Task requirements: Extract each line of the material that follows exactly and omit its pictures.
----------
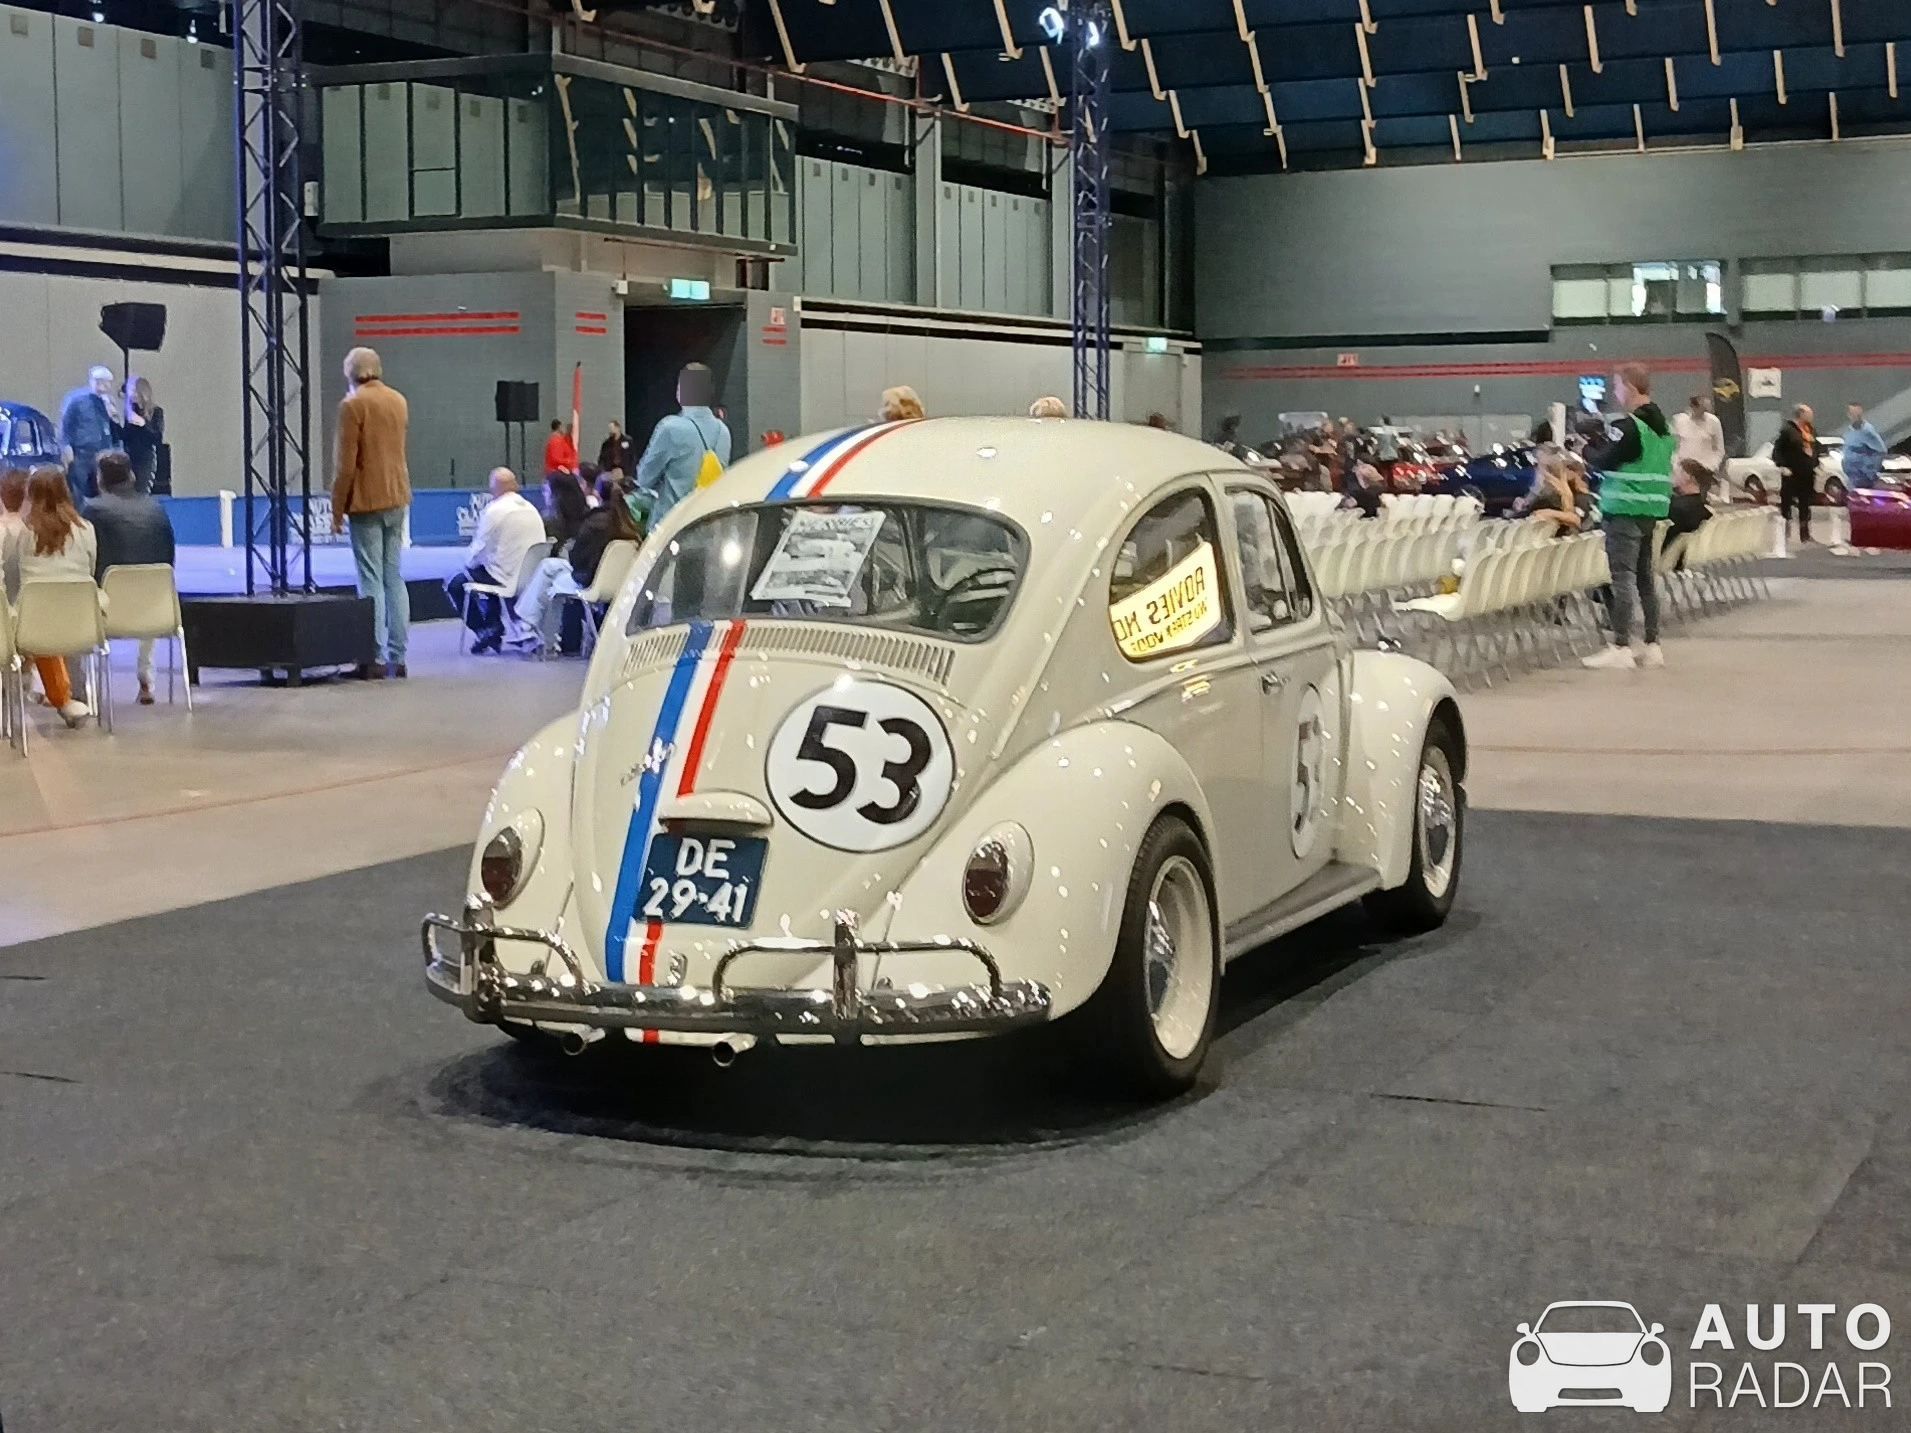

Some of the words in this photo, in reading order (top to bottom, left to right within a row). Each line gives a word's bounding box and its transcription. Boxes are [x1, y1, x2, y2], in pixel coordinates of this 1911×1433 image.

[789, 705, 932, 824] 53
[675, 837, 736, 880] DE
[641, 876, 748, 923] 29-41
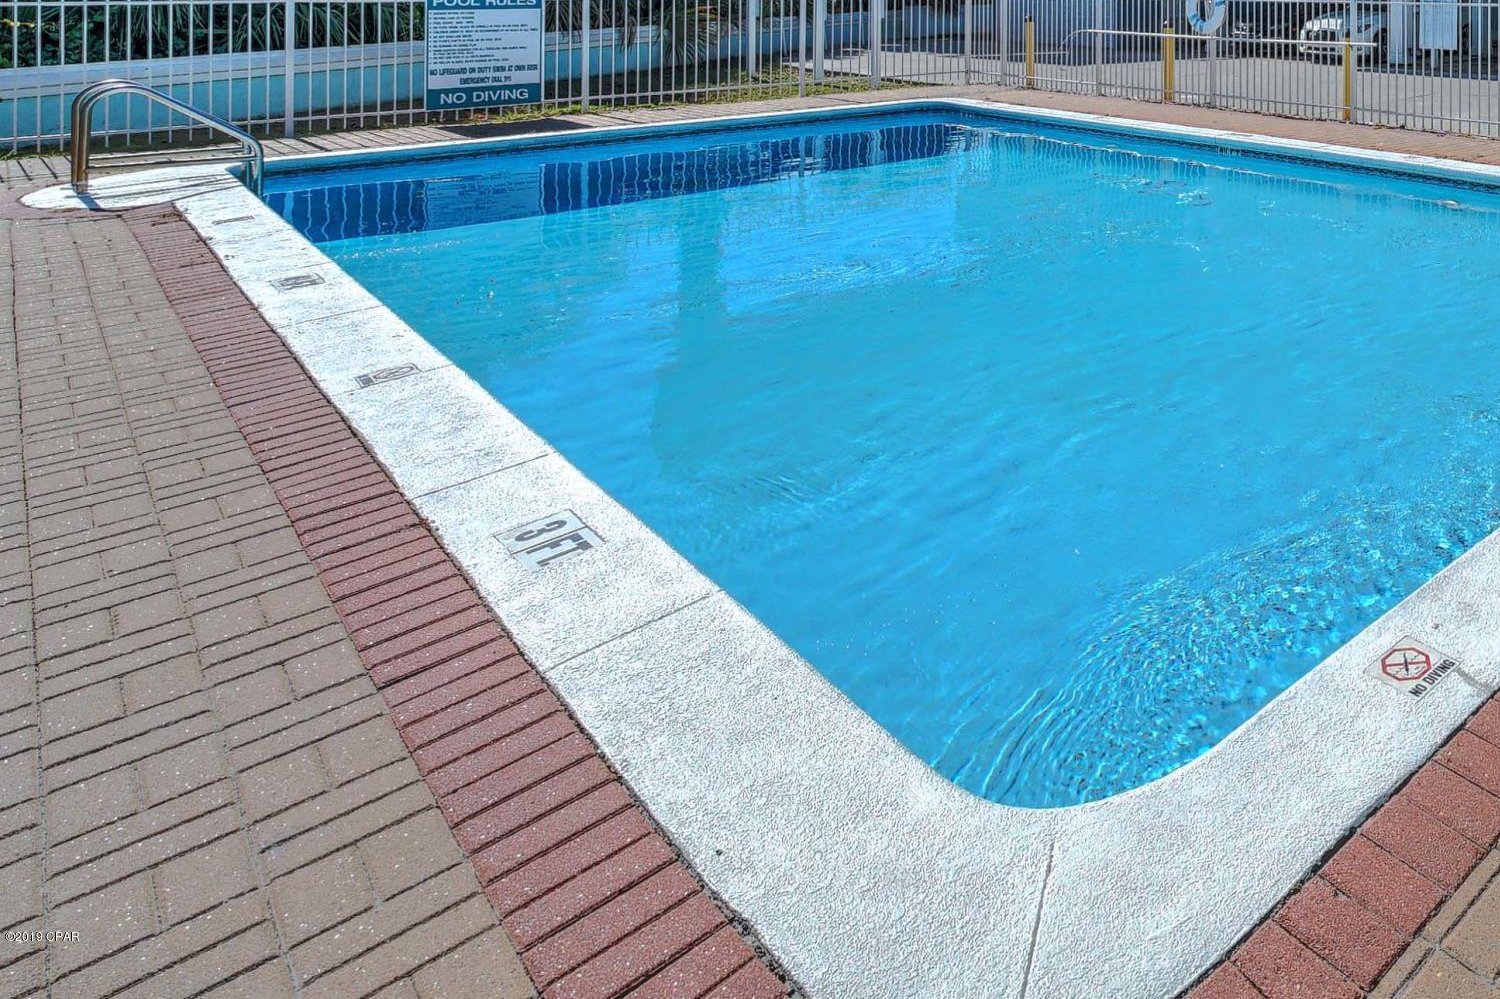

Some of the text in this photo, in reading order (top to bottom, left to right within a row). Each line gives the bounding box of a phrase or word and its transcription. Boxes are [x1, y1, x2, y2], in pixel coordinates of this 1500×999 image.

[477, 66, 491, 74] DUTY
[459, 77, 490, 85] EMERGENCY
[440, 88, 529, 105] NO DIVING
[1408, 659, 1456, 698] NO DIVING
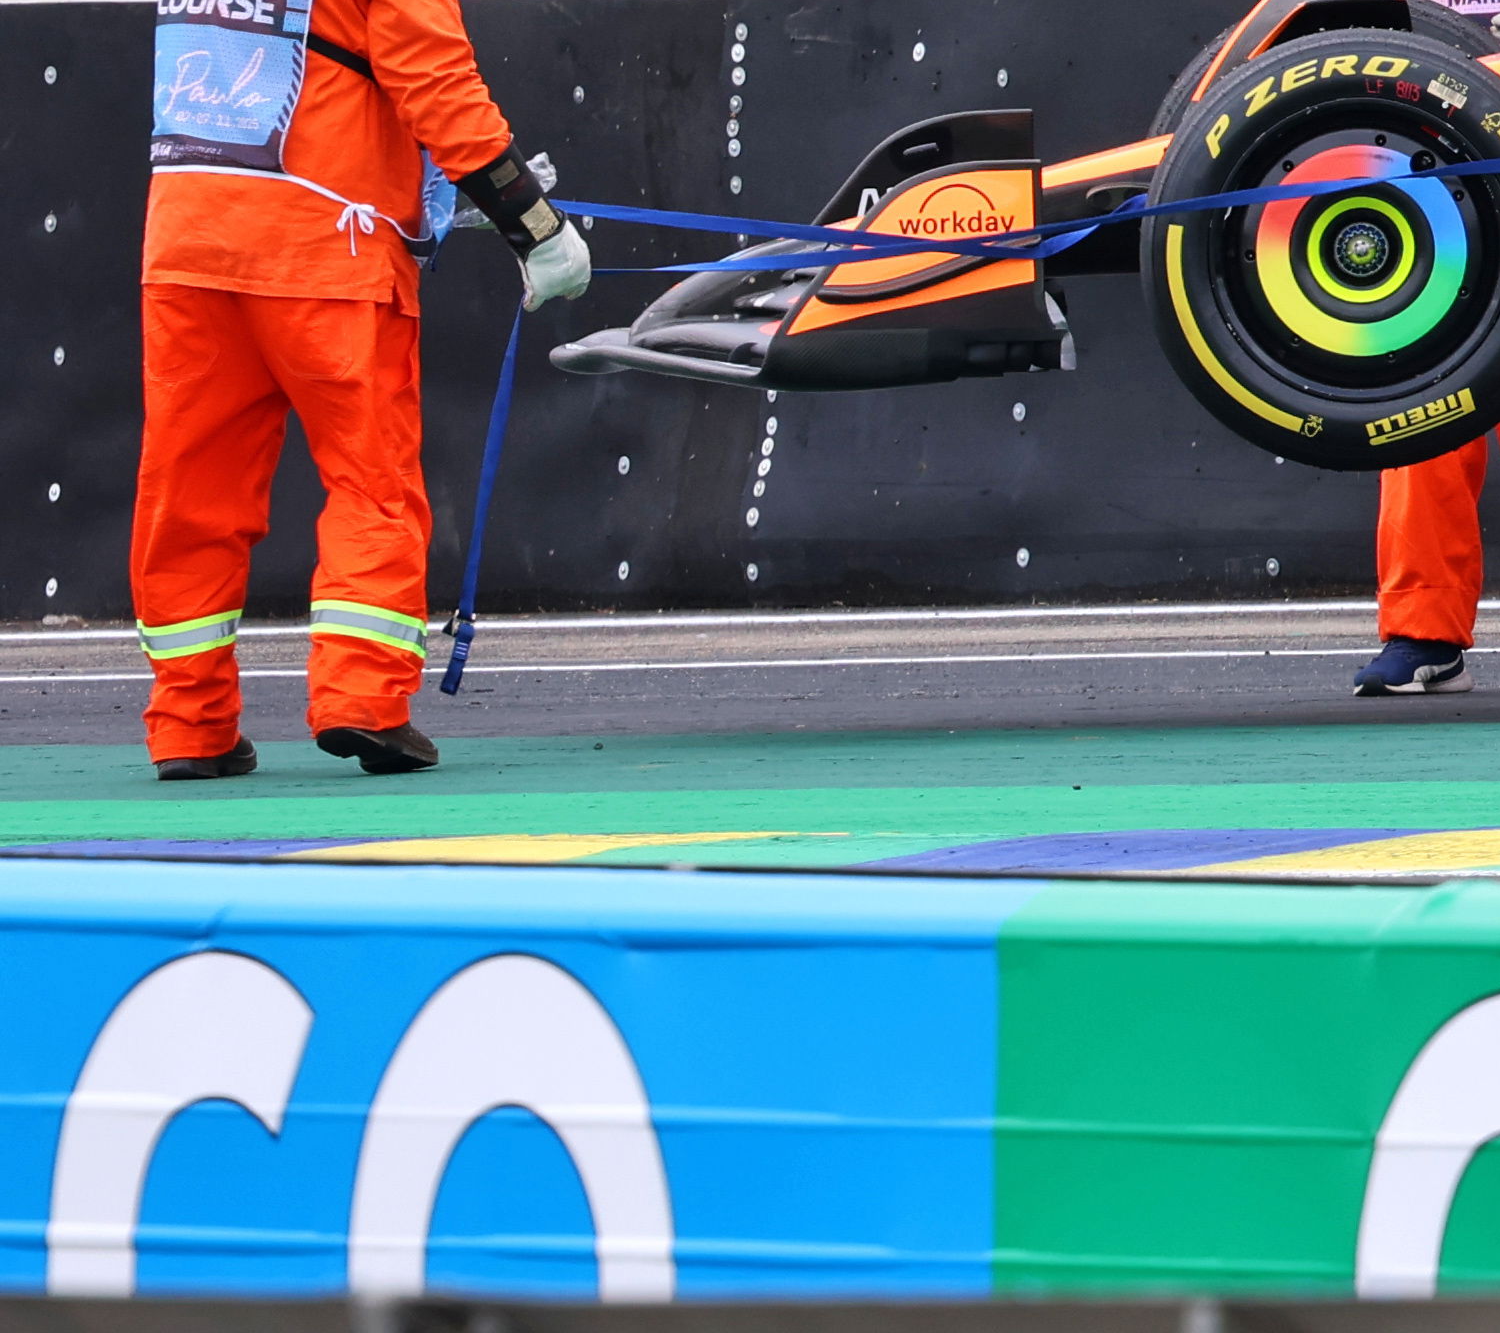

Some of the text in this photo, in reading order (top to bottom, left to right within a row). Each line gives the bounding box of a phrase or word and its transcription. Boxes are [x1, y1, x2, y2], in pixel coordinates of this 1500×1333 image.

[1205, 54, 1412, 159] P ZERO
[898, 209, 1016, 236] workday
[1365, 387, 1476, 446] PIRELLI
----------
Answer to this problem:
Some of the words in this photo, in reading order (top to bottom, left to right within a row). Each line gives a word's bounding box and its transcription. Boxes are [x1, y1, x2, y2], in pixel coordinates of this 1911×1433 image.

[789, 705, 932, 824] 53
[675, 837, 736, 880] DE
[641, 876, 748, 923] 29-41

Some of the text in this photo, in reading order (top to bottom, left to right within a row). Each line gives the bounding box of a phrase or word and its transcription. Boxes are [x1, y1, x2, y2], in pixel coordinates of this 1500×999 image.

[477, 66, 491, 74] DUTY
[459, 77, 490, 85] EMERGENCY
[440, 88, 529, 105] NO DIVING
[1408, 659, 1456, 698] NO DIVING

Some of the text in this photo, in reading order (top to bottom, left to right within a row). Each line gives the bounding box of a phrase or word and its transcription. Boxes are [x1, y1, x2, y2], in pixel coordinates of this 1500×1333 image.

[1205, 54, 1412, 159] P ZERO
[898, 209, 1016, 236] workday
[1365, 387, 1476, 446] PIRELLI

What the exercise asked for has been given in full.